**EXERCISE DIRECTIONS**
An exact, picture-free copy of the listing is required.

● ● ● ●

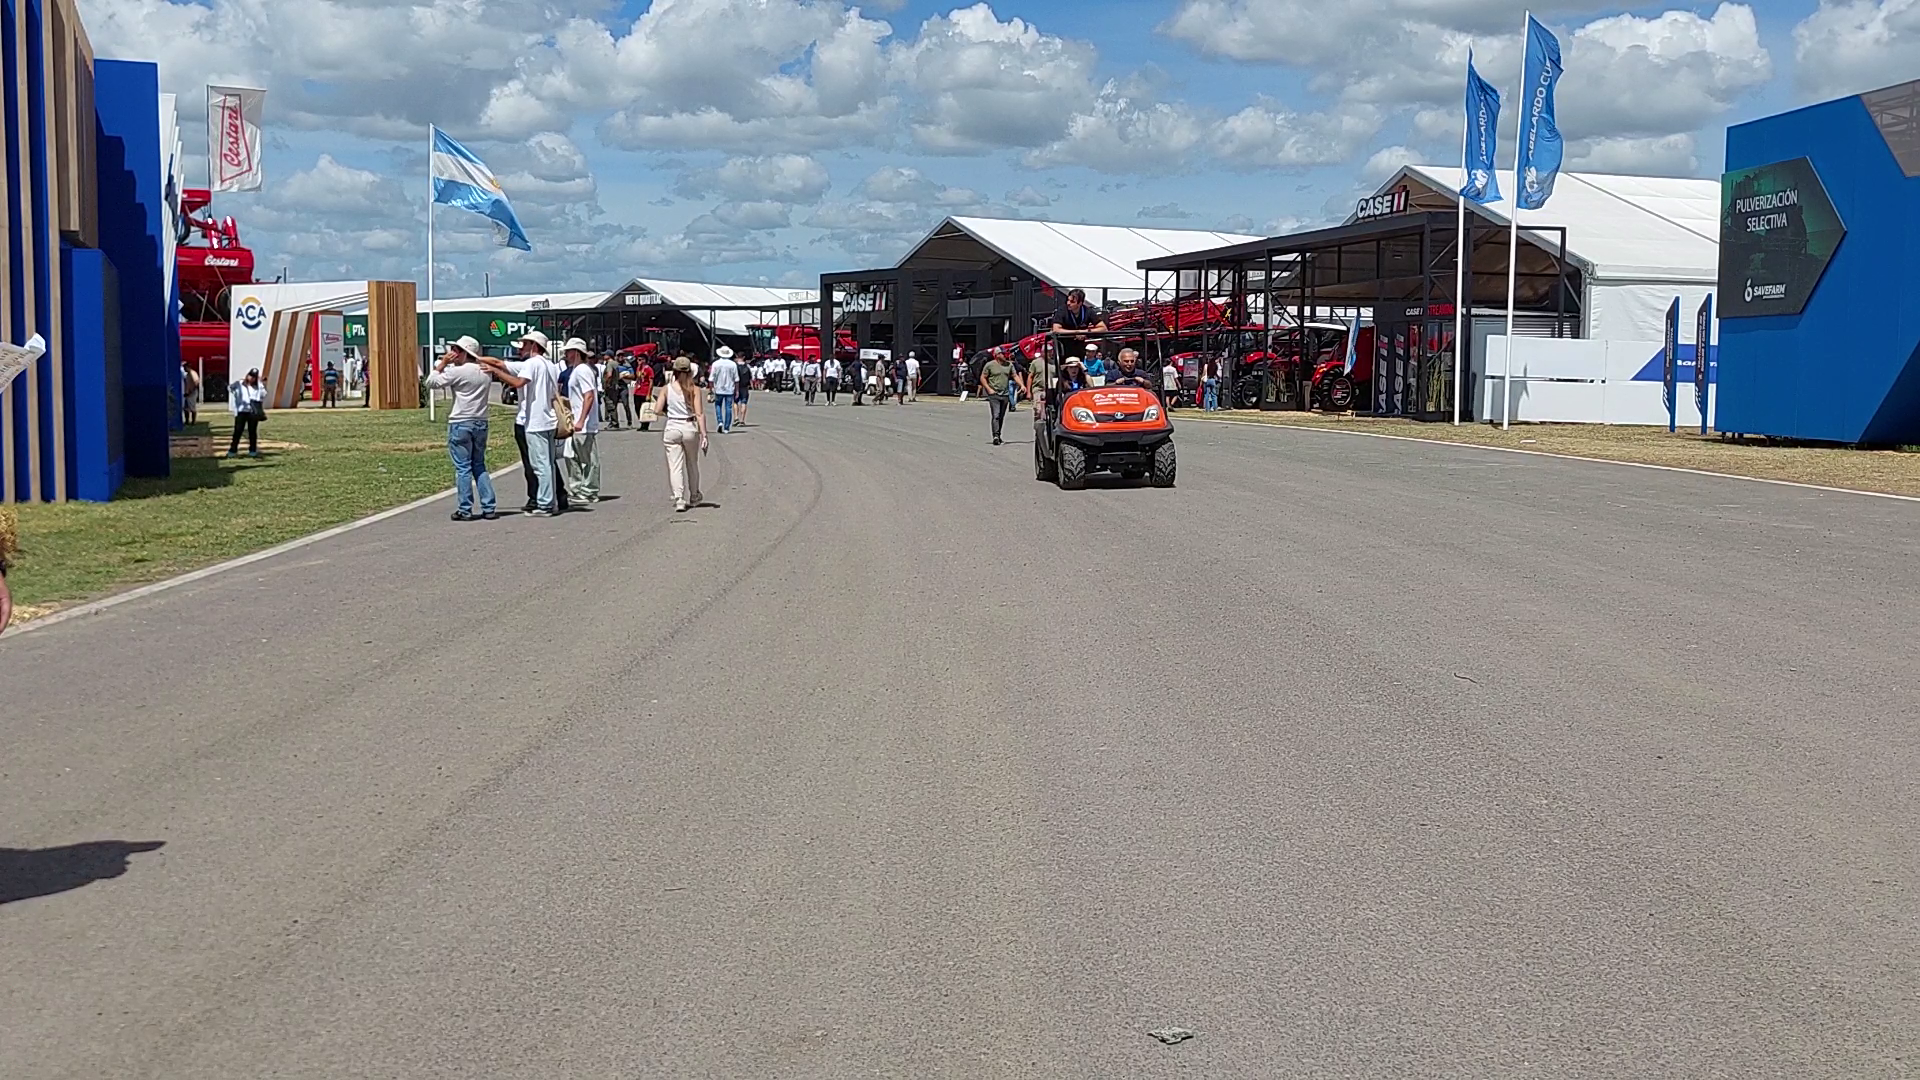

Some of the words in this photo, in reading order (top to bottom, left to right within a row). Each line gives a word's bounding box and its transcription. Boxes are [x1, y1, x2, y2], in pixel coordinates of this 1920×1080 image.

[223, 104, 241, 166] Cestari
[1357, 194, 1393, 219] CASE
[1736, 188, 1798, 213] PULVERIZACIÓN
[1746, 212, 1788, 232] SELECTIVA
[204, 254, 240, 267] Cestari
[1753, 283, 1786, 296] SAVEFARM
[235, 305, 267, 321] ACA
[842, 293, 874, 313] CASE
[1405, 308, 1419, 316] CASE
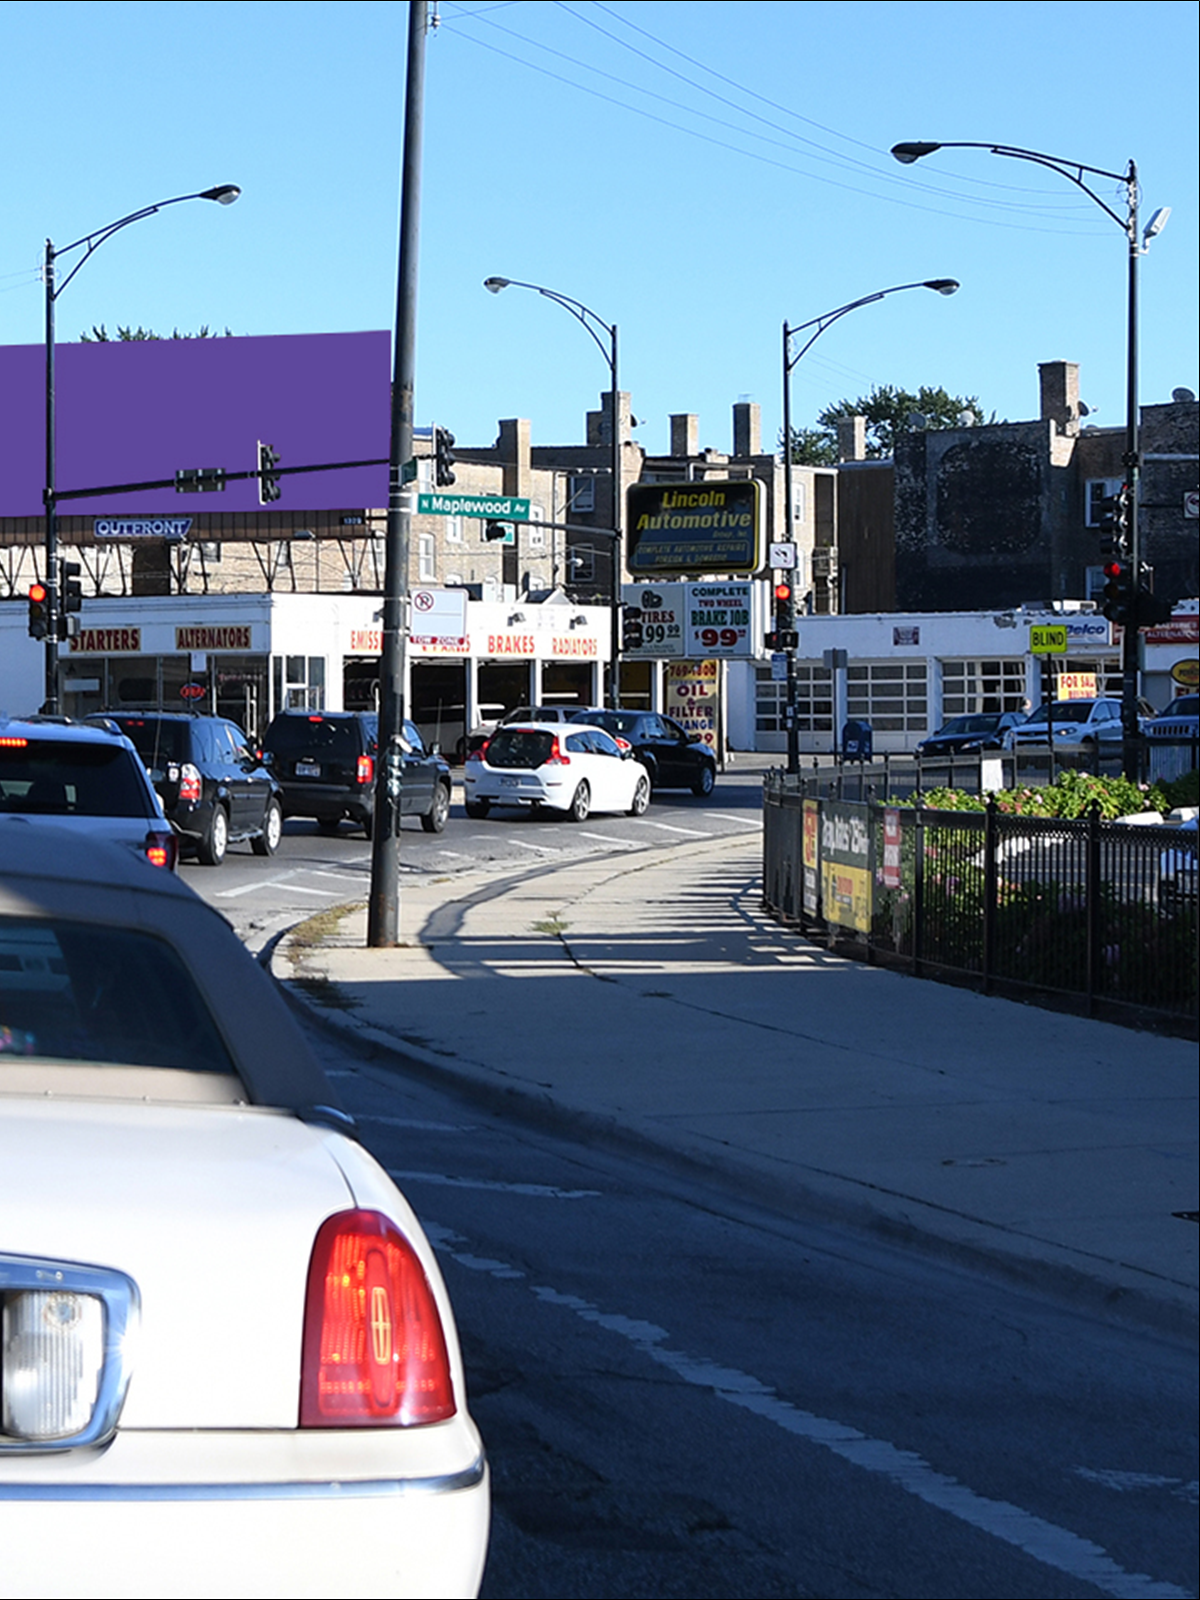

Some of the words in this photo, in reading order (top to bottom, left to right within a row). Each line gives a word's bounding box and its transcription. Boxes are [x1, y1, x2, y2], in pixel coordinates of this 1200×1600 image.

[422, 500, 429, 508] N
[432, 496, 511, 514] Maplewood
[662, 491, 725, 508] Lincoln
[97, 520, 187, 535] OUTFRONT
[636, 511, 751, 530] Automotive
[692, 587, 748, 597] COMPLETE
[641, 610, 675, 623] TIRES
[691, 610, 728, 626] BRAKE
[730, 609, 749, 626] JOB
[1066, 623, 1105, 635] Delco
[71, 630, 140, 651] STARTERS
[177, 628, 250, 649] ALTERNATORS
[488, 635, 535, 653] BRAKES
[552, 637, 597, 655] RADIATORS
[1032, 632, 1064, 646] BLIND
[1060, 675, 1078, 688] FOR
[676, 685, 709, 698] OIL
[669, 706, 714, 718] FILTER
[679, 719, 714, 730] ANGE

● ● ● ●

**OUTPUT OF THE TASK**
Some of the words in this photo, in reading order (top to bottom, left to right within a row). Each line gives a word's bounding box and its transcription. Boxes are [x1, y1, x2, y2], in pixel coordinates of this 1920×1080 image.

[223, 104, 241, 166] Cestari
[1357, 194, 1393, 219] CASE
[1736, 188, 1798, 213] PULVERIZACIÓN
[1746, 212, 1788, 232] SELECTIVA
[204, 254, 240, 267] Cestari
[1753, 283, 1786, 296] SAVEFARM
[235, 305, 267, 321] ACA
[842, 293, 874, 313] CASE
[1405, 308, 1419, 316] CASE

Some of the words in this photo, in reading order (top to bottom, left to right within a row). Each line gives a word's bounding box and its transcription. Boxes are [x1, y1, x2, y2], in pixel coordinates of this 1200×1600 image.

[422, 500, 429, 508] N
[432, 496, 511, 514] Maplewood
[662, 491, 725, 508] Lincoln
[97, 520, 187, 535] OUTFRONT
[636, 511, 751, 530] Automotive
[692, 587, 748, 597] COMPLETE
[641, 610, 675, 623] TIRES
[691, 610, 728, 626] BRAKE
[730, 609, 749, 626] JOB
[1066, 623, 1105, 635] Delco
[71, 630, 140, 651] STARTERS
[177, 628, 250, 649] ALTERNATORS
[488, 635, 535, 653] BRAKES
[552, 637, 597, 655] RADIATORS
[1032, 632, 1064, 646] BLIND
[1060, 675, 1078, 688] FOR
[676, 685, 709, 698] OIL
[669, 706, 714, 718] FILTER
[679, 719, 714, 730] ANGE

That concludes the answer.